◆ PROMPT ◆
Please repeat the entire listing verbatim and keep the pictures out.

◆ DATA SUPPLIED ◆
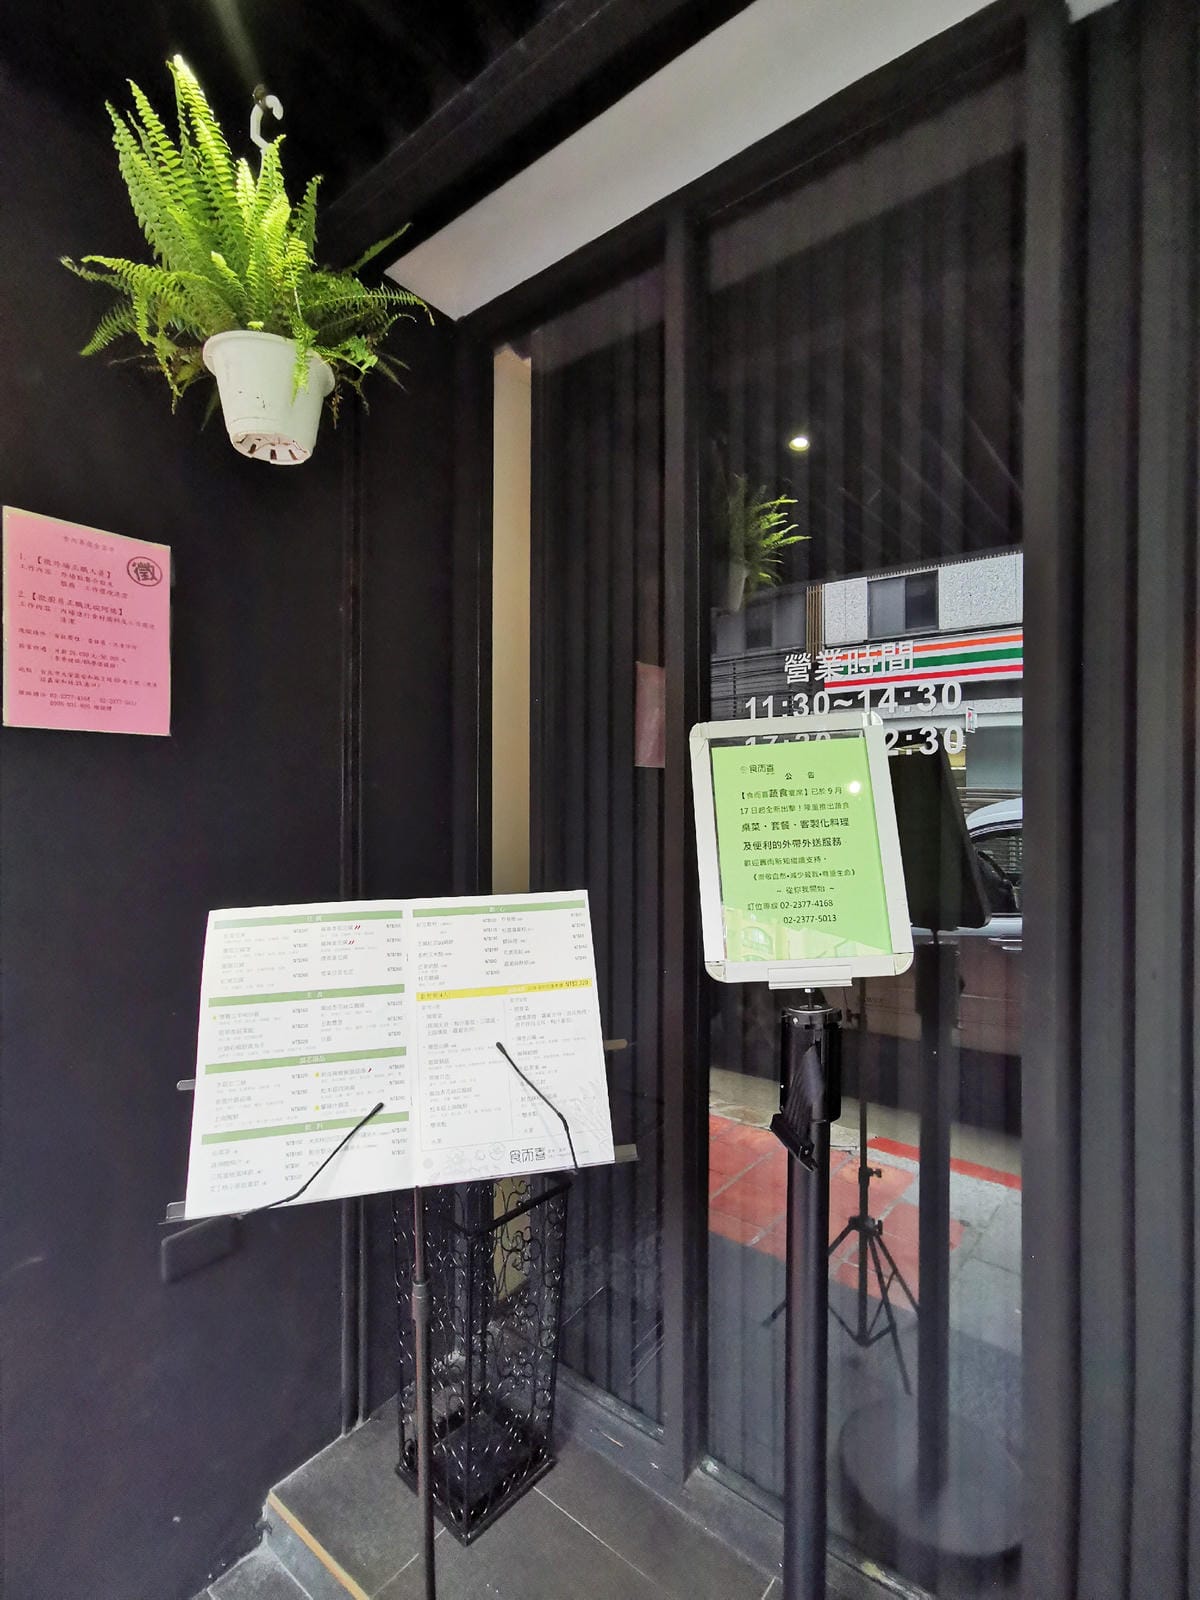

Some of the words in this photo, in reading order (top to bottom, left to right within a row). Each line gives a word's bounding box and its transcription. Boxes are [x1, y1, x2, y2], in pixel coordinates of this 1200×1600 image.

[131, 561, 158, 582] 徵
[784, 640, 914, 685] 營業時間
[745, 680, 963, 721] 11:30~14:30
[743, 837, 842, 851] 及便利的外帶外送服務
[779, 899, 834, 909] 02-2377-4168
[783, 914, 837, 924] 02-2377-5013
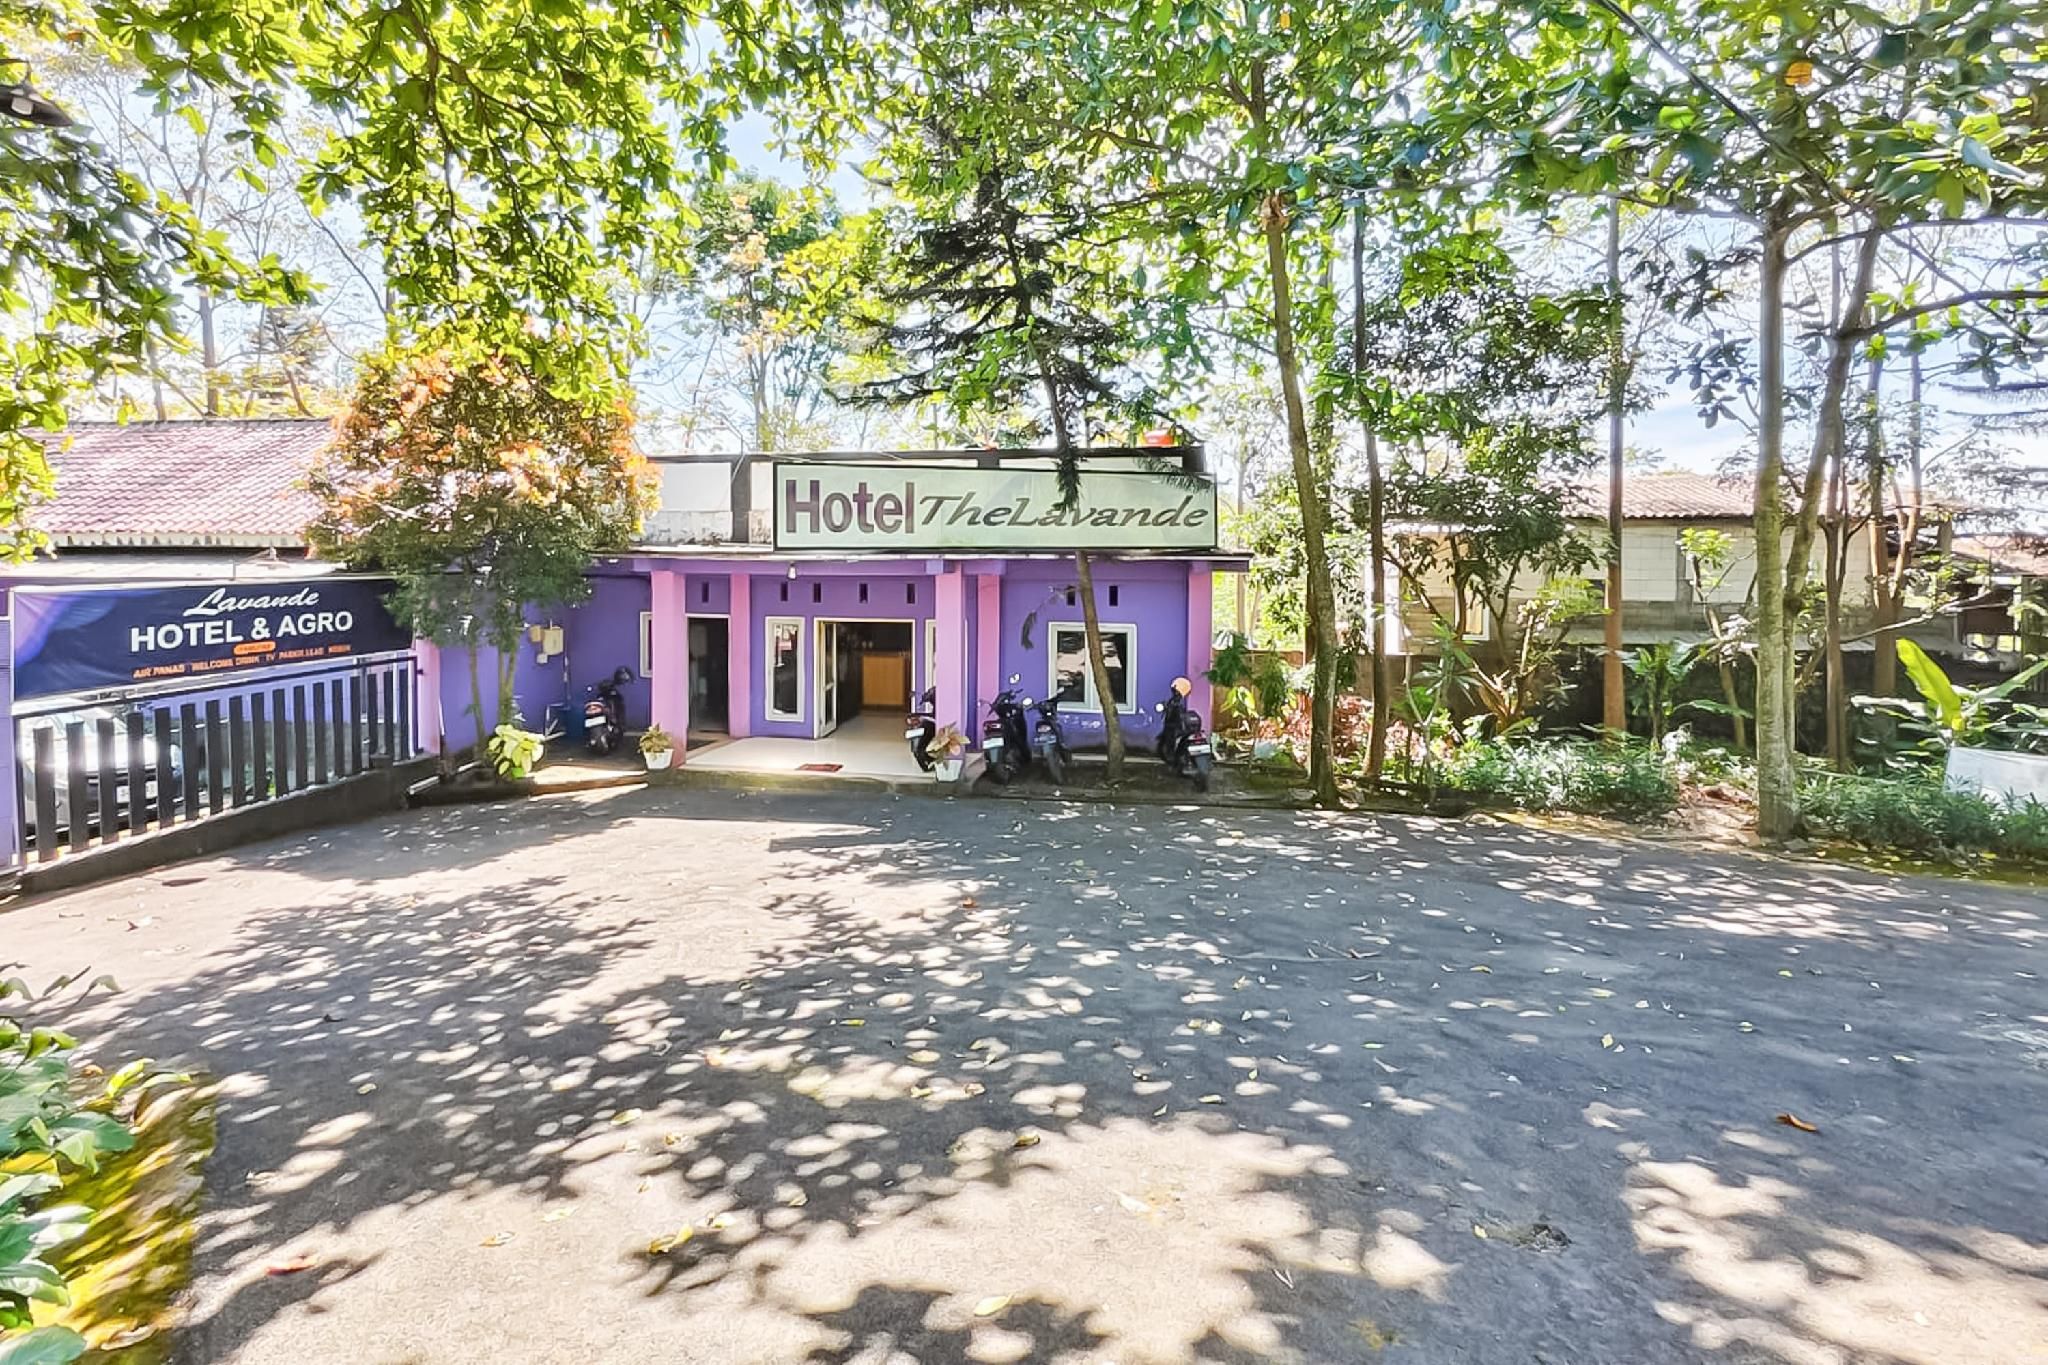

◆ EXERCISE RESPONSE ◆
Some of the words in this photo, in reading order (top to bottom, left to right within a row). Each line gives a word's bounding box and its transcription. Boxes are [x1, y1, x2, y2], in pixel coordinates of this 1200×1600 image.

[131, 561, 158, 582] 徵
[784, 640, 914, 685] 營業時間
[745, 680, 963, 721] 11:30~14:30
[743, 837, 842, 851] 及便利的外帶外送服務
[779, 899, 834, 909] 02-2377-4168
[783, 914, 837, 924] 02-2377-5013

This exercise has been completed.